A new PhD student started in InterDisc in the Spring. Her name is Charlotte Marie Bisgaard Klemmensen. She is Danish and teaches at a gymnasium in Aalborg.


Linguistic impairment and aphasia: Towards a new cross-disciplinary analytical perspective


Unfortunately, people with brain injuries are more than likely to be excluded from societal everyday life. This study is not directed towards the damage, but towards integrating brain injury. Therefore, the research questions are limited to questions about inclusion and the life-world of aphasia. ‘Aphasia’ is characterized by challenges in the production of speech. A variety of applied pragmatic approaches to language disorders exist.
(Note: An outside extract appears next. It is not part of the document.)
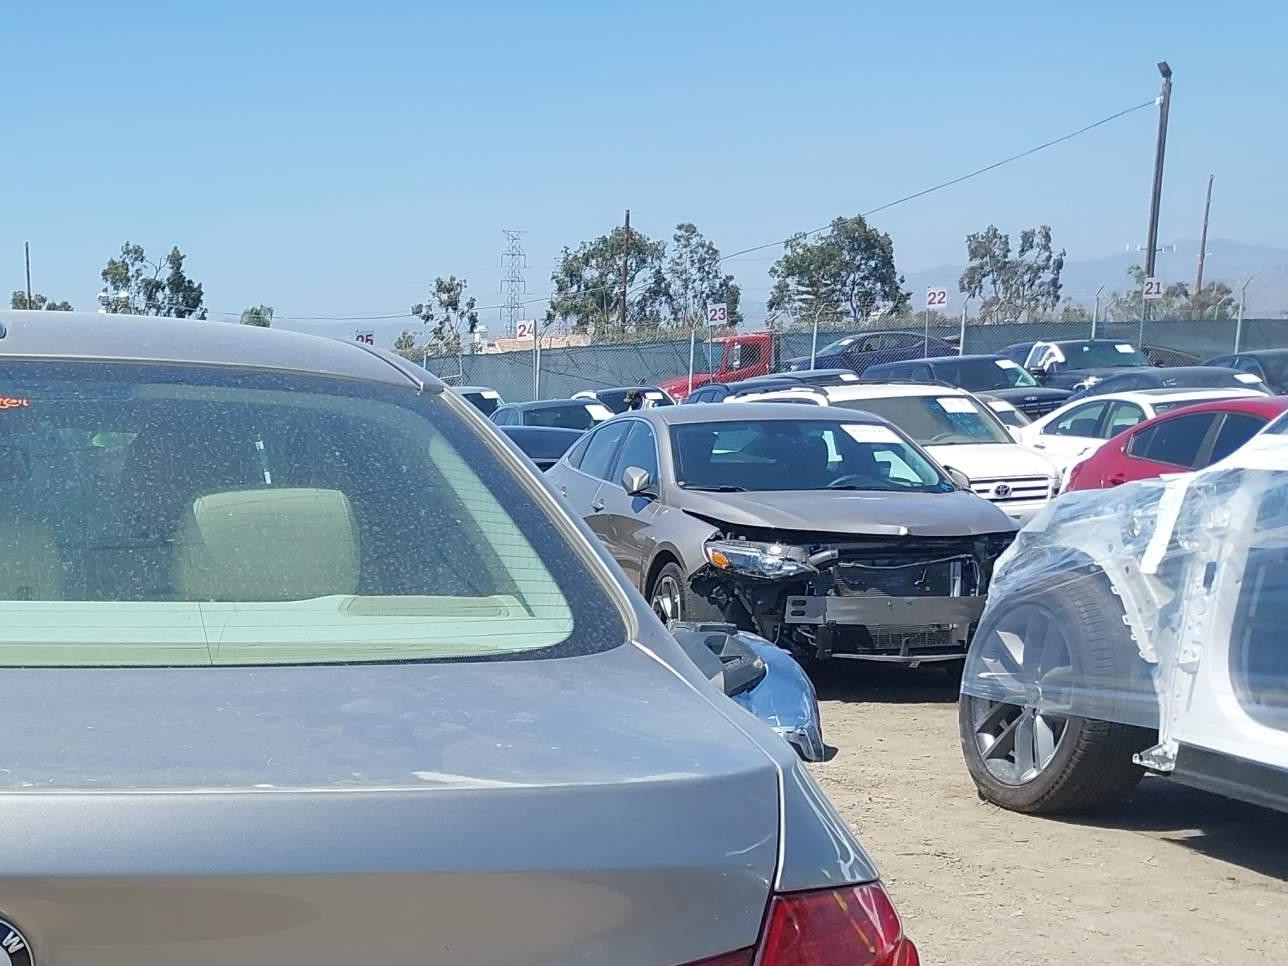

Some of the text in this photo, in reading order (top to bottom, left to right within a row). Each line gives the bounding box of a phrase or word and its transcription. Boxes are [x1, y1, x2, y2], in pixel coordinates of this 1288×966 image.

In addition, many other units than linguistic units are central to meaning-making, such as embodied talk, multimodal units such as gesturing, pointing, gazing and bodily posture, the handling of objects, etc.. Data excerpts from a collaborative study will be investigated in order to explore the pros and cons of a new cross-interdisciplinary approach between ‘augmented’ conversation analysis and an applied integrational linguistics perspective. For the empirical part, I will draw on a study of aphasic communication. The study investigates routines and emotion displays mainly in a care home setting, where some of the participants have severe acquired brain injury. Situations in which affect and emotion is relevant, for example cases of compliance and non-compliance to having memorized something “wrong” or ”correctly”, will be investigated. Critical emotional displays seem to depend on circumstantial factors – which situation, persons, purpose or the challenge there is at stake (to win the argument versus being polite etc.) – rather than retrievable interactional/organizational patterns.  The organization of talk after trauma is often characterized as ‘atypical’ in its organizational patterns. ‘Atypical communication’ represents the current data-driven analytical discourse in rehabilitation studies and health communication. However, is ’sense-making’ best approached as ‘persons’ experienced understandings’? Could micro-social factors, macro-social factors and the history of a person’s interactional behaviour be used to investigate communicative habits as they are displayed under various circumstances? Finally, could a new approach help distinguish the experienced communication as practiced by the participants from the analyst’s interpretations?